Super El Niño Meets War: 2027 Food Crisis
ECMWF gives 80% chance of strong El Niño as WFP warns 45 million more face hunger. Three crises converge on one harvest year.

The European Centre for Medium-Range Weather Forecasts gives a 98% chance of El Niño forming by August 2026, an 80% chance it'll be strong, and a 20–25% chance it reaches "super" status — an event that's only happened three times since 1980. It's arriving into a world where the Hormuz blockade has already cut 40% of global fertilizer exports and the World Food Programme warns 45 million more people could fall into acute hunger. Three crises, one harvest year, no plan.
The Albis Perception Gap Index scored this story 7, with Chinese and Brazilian media treating it as an agricultural emergency while English-language outlets bury it as a weather forecast.
What's actually building in the Pacific
La Niña is dying fast. The warm water pool that drives El Niño is surging eastward across the tropical Pacific, and every major forecasting centre agrees on where this is heading — they just disagree on how bad it gets.
NOAA gives 62% odds El Niño emerges by June–August 2026. ECMWF's latest models are more aggressive: 98% chance of at least moderate, 80% strong, 20–25% super. UNSW climate scientist Matthew England called a super El Niño "a globally catastrophic event" that brings "horrendous flooding rains to Latin America, severe drought and bushfire to Australia, Indonesia, and parts of Asia."
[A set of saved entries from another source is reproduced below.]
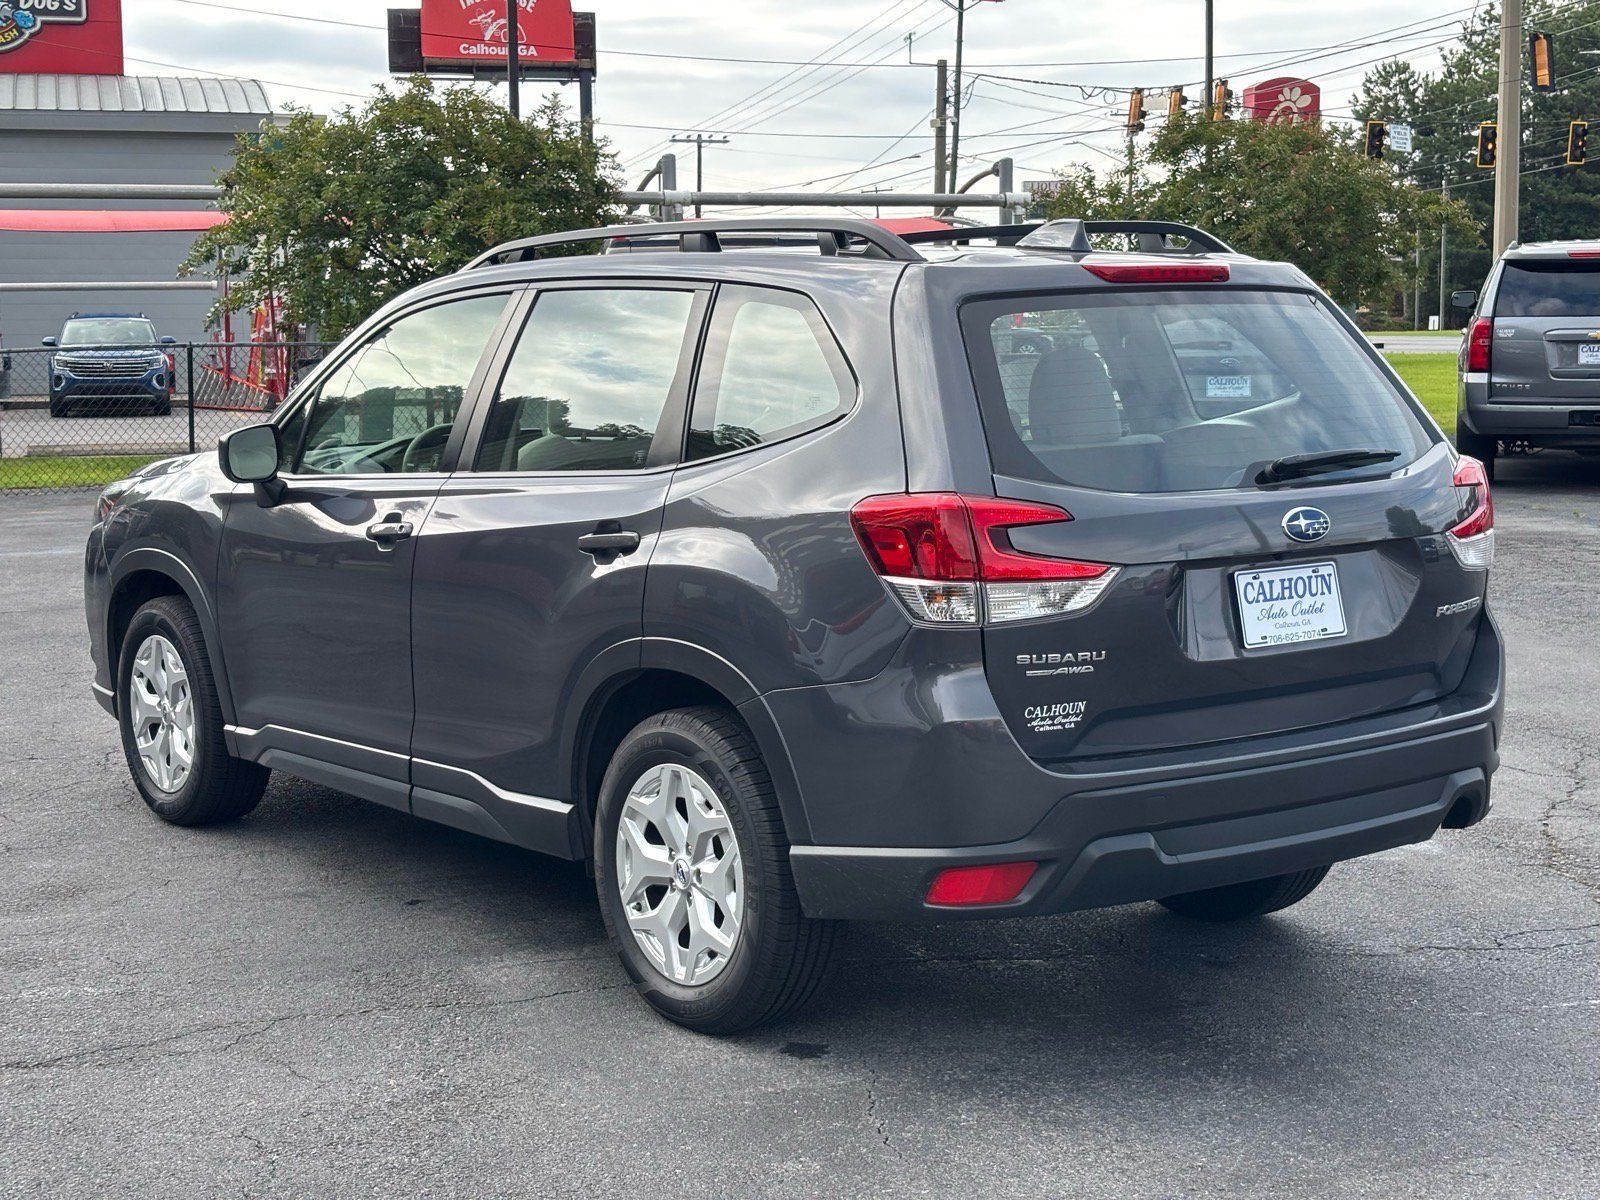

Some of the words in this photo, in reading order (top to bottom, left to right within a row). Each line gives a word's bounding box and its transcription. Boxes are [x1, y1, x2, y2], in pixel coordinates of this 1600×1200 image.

[19, 0, 77, 11] DOGS
[517, 45, 538, 56] GA
[1208, 377, 1249, 386] CALHOUN
[1243, 573, 1333, 605] CALHOUN
[1257, 603, 1289, 622] Auto
[1291, 600, 1326, 618] Outlet
[1301, 619, 1312, 627] GA
[1268, 629, 1321, 645] 706-625-7074
[1016, 650, 1107, 665] SUBARU
[1024, 700, 1087, 719] CALHOUN
[1027, 717, 1054, 728] Auto
[1054, 714, 1083, 725] Outlet
Three times since 1980, the Pacific has crossed the super threshold: 1982–83, 1997–98, and 2015–16. Each time, the following year smashed the global heat record. The 2015–16 event peaked at 3°C above normal. The 1997–98 event caused $5.7 trillion in economic losses extending over five years, according to a January 2026 study in Nature Climate Change.
Brazil's agricultural meteorology council puts the probability even higher — 84.6% chance of transition to El Niño during the second quarter of 2026, with irregular rainfall forecast for April.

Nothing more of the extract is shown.